Loading data into SQL Data Warehouse
In this step-by-step guide, we’ll be walking through the process of moving data from an on-premises SQL Server to Azure SQL Data Warehouse using the Copy Data feature in Azure Data Factory. The use case we’ll focus on is the first-time loading of data.
A note to Data Platform Studio users
Data Platform Studio is no longer available as a service. We’ve prepared a step-by-step guide to loading data into Azure SQL Data Warehouse. Read on if you’d like to find out more about this decision.

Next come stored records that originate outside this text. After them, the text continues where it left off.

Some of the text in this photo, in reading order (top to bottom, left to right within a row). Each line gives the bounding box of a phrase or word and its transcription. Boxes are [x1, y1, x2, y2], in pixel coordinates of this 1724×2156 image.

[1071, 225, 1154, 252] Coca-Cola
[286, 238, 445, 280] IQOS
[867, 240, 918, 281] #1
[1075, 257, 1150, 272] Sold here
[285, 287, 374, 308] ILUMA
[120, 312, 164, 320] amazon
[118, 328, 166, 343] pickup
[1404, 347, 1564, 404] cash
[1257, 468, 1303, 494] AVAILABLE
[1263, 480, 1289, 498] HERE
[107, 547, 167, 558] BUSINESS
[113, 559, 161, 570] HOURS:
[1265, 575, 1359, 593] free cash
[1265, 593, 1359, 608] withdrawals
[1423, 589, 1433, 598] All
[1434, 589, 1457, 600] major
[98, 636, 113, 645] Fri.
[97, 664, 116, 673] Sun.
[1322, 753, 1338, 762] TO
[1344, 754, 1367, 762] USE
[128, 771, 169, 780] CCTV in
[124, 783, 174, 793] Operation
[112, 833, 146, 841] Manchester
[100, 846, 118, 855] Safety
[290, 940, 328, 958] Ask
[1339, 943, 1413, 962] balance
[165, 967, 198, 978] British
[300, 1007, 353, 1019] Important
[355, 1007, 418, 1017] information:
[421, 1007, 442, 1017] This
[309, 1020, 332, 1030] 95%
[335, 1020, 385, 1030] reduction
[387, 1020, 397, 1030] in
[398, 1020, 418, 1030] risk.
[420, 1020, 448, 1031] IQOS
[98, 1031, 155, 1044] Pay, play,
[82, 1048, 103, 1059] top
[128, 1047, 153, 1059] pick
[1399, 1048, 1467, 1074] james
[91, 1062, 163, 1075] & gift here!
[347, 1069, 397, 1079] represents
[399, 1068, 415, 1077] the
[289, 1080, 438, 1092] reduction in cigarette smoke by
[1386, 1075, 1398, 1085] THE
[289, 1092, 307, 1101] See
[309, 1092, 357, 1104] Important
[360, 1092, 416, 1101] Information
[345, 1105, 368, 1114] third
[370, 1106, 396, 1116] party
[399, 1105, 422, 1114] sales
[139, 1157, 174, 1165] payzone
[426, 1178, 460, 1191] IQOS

In 2016 we released Data Platform Studio (DPS) to help people shift data into an Azure SQL Data Warehouse from an on-premises SQL Server database. DPS did this in the Ingeniously Simple fashion that you’ve come to expect from Redgate. Prior to DPS, moving large volumes of data from on-premises SQL Servers into Azure SQL Data Warehouses was a significant undertaking. It required an in-depth understanding of BCP, PolyBase and data type differences between two quite different database technologies. With DPS, your first data load could be completed within a few clicks and – depending on the volume of data you were moving – you could quickly get a feel for what Azure Data Warehouse could mean for you, using your data. In those three years we’ve significantly accelerated thousands of those SQL Data Warehouse proof-of-concept projects. It’s a piece of software we’re proud to have worked on. Today, we’ve taken the decision to close down the Data Platform Studio service. Within the past three years the native capability of Azure has grown to encompass this activity. While the process isn’t as neat as DPS, it is more powerful and, moreover, sets you up for more operational activities beyond your first data load. Any meta data DPS stored will be available for 1 month from the date that this article was posted and then dealt with according to our policy on data privacy and protection. If you have any questions, you can contact the team directly via dps@red-gate.com. To everyone who used DPS, thank you. We enjoyed working with you to build and improve the service. The DPS team. |
Approach
Pre-requisites:
- A Microsoft account and an Azure subscription
- An Azure SQL Data Warehouse. Example uses a Gen1 set at DW100.
- An existing Storage account. Example uses Storage (general purpose v1)
- An on-premises SQL Server database. Example uses AdventureWorks2014 on SQL Server 2014
Process
- Log into https://portal.azure.com and create a Data Factory; click + Create a resource, search Data Factory, click Create and follow the instructions.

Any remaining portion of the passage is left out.